Exact copies of all the entries below are expected in the answer.

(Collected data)
▽

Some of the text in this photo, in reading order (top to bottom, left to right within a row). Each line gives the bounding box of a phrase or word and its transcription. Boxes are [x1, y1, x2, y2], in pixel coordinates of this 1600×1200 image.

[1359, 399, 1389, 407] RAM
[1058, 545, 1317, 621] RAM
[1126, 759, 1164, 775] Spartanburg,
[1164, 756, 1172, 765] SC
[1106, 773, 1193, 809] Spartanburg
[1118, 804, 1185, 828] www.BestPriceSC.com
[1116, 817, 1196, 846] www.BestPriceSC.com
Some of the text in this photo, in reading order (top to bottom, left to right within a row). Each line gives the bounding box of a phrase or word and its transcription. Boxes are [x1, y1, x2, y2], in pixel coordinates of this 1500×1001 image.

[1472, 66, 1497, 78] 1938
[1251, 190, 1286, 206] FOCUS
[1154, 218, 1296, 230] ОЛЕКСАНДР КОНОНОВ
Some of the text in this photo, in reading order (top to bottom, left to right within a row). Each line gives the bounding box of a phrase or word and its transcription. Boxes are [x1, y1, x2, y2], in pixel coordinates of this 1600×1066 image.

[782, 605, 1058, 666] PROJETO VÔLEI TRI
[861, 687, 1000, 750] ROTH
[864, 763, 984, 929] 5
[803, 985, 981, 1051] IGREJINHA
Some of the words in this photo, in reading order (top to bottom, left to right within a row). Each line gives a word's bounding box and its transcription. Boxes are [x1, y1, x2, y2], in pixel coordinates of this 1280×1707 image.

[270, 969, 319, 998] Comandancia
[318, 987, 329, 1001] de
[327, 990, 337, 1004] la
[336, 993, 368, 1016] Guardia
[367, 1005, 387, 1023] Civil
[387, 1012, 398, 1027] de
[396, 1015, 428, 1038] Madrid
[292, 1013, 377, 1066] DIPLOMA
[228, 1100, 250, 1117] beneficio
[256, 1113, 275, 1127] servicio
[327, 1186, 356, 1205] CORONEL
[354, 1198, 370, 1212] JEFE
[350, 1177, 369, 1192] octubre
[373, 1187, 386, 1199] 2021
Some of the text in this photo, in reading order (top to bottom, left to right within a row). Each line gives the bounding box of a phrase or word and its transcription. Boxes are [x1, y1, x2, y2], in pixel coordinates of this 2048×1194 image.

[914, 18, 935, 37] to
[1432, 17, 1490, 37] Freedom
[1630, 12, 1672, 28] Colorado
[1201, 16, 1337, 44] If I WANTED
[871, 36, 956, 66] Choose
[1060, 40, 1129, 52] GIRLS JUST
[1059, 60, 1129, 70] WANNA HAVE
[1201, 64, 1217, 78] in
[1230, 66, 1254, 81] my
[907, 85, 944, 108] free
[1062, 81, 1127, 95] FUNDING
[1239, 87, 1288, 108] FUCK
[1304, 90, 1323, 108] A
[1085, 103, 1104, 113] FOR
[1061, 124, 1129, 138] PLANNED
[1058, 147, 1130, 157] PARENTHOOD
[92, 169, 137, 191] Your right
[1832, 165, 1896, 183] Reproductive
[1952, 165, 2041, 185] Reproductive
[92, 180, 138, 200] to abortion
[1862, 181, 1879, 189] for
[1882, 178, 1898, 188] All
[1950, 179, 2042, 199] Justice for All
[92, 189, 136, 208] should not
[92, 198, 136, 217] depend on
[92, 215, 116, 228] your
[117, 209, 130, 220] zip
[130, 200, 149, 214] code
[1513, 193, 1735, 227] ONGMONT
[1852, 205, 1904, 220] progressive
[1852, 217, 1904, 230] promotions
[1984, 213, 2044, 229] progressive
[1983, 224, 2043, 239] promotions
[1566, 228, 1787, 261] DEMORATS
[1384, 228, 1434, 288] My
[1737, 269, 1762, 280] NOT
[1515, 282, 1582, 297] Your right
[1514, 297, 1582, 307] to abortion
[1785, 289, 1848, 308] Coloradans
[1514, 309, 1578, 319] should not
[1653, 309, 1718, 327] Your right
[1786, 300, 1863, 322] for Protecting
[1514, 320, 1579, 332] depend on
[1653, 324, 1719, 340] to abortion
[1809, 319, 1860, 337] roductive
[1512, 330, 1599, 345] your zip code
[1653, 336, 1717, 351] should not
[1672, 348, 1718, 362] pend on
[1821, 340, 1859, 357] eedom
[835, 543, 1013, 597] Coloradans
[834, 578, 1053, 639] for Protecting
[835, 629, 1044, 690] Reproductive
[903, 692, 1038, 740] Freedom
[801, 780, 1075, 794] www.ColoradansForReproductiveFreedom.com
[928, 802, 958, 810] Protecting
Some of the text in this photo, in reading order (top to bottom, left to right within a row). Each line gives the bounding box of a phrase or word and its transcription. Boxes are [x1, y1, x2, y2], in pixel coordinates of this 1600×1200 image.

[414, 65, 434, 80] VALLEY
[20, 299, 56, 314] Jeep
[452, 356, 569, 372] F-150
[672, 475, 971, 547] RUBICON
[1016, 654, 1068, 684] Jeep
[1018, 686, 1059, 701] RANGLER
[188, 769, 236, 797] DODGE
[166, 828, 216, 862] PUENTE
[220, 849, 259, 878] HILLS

△

(RESULT OF THIS TASK)
Some of the text in this photo, in reading order (top to bottom, left to right within a row). Each line gives the bounding box of a phrase or word and its transcription. Boxes are [x1, y1, x2, y2], in pixel coordinates of this 1600×1200 image.

[1359, 399, 1389, 407] RAM
[1058, 545, 1317, 621] RAM
[1126, 759, 1164, 775] Spartanburg,
[1164, 756, 1172, 765] SC
[1106, 773, 1193, 809] Spartanburg
[1118, 804, 1185, 828] www.BestPriceSC.com
[1116, 817, 1196, 846] www.BestPriceSC.com
Some of the text in this photo, in reading order (top to bottom, left to right within a row). Each line gives the bounding box of a phrase or word and its transcription. Boxes are [x1, y1, x2, y2], in pixel coordinates of this 1500×1001 image.

[1472, 66, 1497, 78] 1938
[1251, 190, 1286, 206] FOCUS
[1154, 218, 1296, 230] ОЛЕКСАНДР КОНОНОВ
Some of the text in this photo, in reading order (top to bottom, left to right within a row). Each line gives the bounding box of a phrase or word and its transcription. Boxes are [x1, y1, x2, y2], in pixel coordinates of this 1600×1066 image.

[782, 605, 1058, 666] PROJETO VÔLEI TRI
[861, 687, 1000, 750] ROTH
[864, 763, 984, 929] 5
[803, 985, 981, 1051] IGREJINHA
Some of the words in this photo, in reading order (top to bottom, left to right within a row). Each line gives a word's bounding box and its transcription. Boxes are [x1, y1, x2, y2], in pixel coordinates of this 1280×1707 image.

[270, 969, 319, 998] Comandancia
[318, 987, 329, 1001] de
[327, 990, 337, 1004] la
[336, 993, 368, 1016] Guardia
[367, 1005, 387, 1023] Civil
[387, 1012, 398, 1027] de
[396, 1015, 428, 1038] Madrid
[292, 1013, 377, 1066] DIPLOMA
[228, 1100, 250, 1117] beneficio
[256, 1113, 275, 1127] servicio
[327, 1186, 356, 1205] CORONEL
[354, 1198, 370, 1212] JEFE
[350, 1177, 369, 1192] octubre
[373, 1187, 386, 1199] 2021
Some of the text in this photo, in reading order (top to bottom, left to right within a row). Each line gives the bounding box of a phrase or word and its transcription. Boxes are [x1, y1, x2, y2], in pixel coordinates of this 2048×1194 image.

[914, 18, 935, 37] to
[1432, 17, 1490, 37] Freedom
[1630, 12, 1672, 28] Colorado
[1201, 16, 1337, 44] If I WANTED
[871, 36, 956, 66] Choose
[1060, 40, 1129, 52] GIRLS JUST
[1059, 60, 1129, 70] WANNA HAVE
[1201, 64, 1217, 78] in
[1230, 66, 1254, 81] my
[907, 85, 944, 108] free
[1062, 81, 1127, 95] FUNDING
[1239, 87, 1288, 108] FUCK
[1304, 90, 1323, 108] A
[1085, 103, 1104, 113] FOR
[1061, 124, 1129, 138] PLANNED
[1058, 147, 1130, 157] PARENTHOOD
[92, 169, 137, 191] Your right
[1832, 165, 1896, 183] Reproductive
[1952, 165, 2041, 185] Reproductive
[92, 180, 138, 200] to abortion
[1862, 181, 1879, 189] for
[1882, 178, 1898, 188] All
[1950, 179, 2042, 199] Justice for All
[92, 189, 136, 208] should not
[92, 198, 136, 217] depend on
[92, 215, 116, 228] your
[117, 209, 130, 220] zip
[130, 200, 149, 214] code
[1513, 193, 1735, 227] ONGMONT
[1852, 205, 1904, 220] progressive
[1852, 217, 1904, 230] promotions
[1984, 213, 2044, 229] progressive
[1983, 224, 2043, 239] promotions
[1566, 228, 1787, 261] DEMORATS
[1384, 228, 1434, 288] My
[1737, 269, 1762, 280] NOT
[1515, 282, 1582, 297] Your right
[1514, 297, 1582, 307] to abortion
[1785, 289, 1848, 308] Coloradans
[1514, 309, 1578, 319] should not
[1653, 309, 1718, 327] Your right
[1786, 300, 1863, 322] for Protecting
[1514, 320, 1579, 332] depend on
[1653, 324, 1719, 340] to abortion
[1809, 319, 1860, 337] roductive
[1512, 330, 1599, 345] your zip code
[1653, 336, 1717, 351] should not
[1672, 348, 1718, 362] pend on
[1821, 340, 1859, 357] eedom
[835, 543, 1013, 597] Coloradans
[834, 578, 1053, 639] for Protecting
[835, 629, 1044, 690] Reproductive
[903, 692, 1038, 740] Freedom
[801, 780, 1075, 794] www.ColoradansForReproductiveFreedom.com
[928, 802, 958, 810] Protecting
Some of the text in this photo, in reading order (top to bottom, left to right within a row). Each line gives the bounding box of a phrase or word and its transcription. Boxes are [x1, y1, x2, y2], in pixel coordinates of this 1600×1200 image.

[414, 65, 434, 80] VALLEY
[20, 299, 56, 314] Jeep
[452, 356, 569, 372] F-150
[672, 475, 971, 547] RUBICON
[1016, 654, 1068, 684] Jeep
[1018, 686, 1059, 701] RANGLER
[188, 769, 236, 797] DODGE
[166, 828, 216, 862] PUENTE
[220, 849, 259, 878] HILLS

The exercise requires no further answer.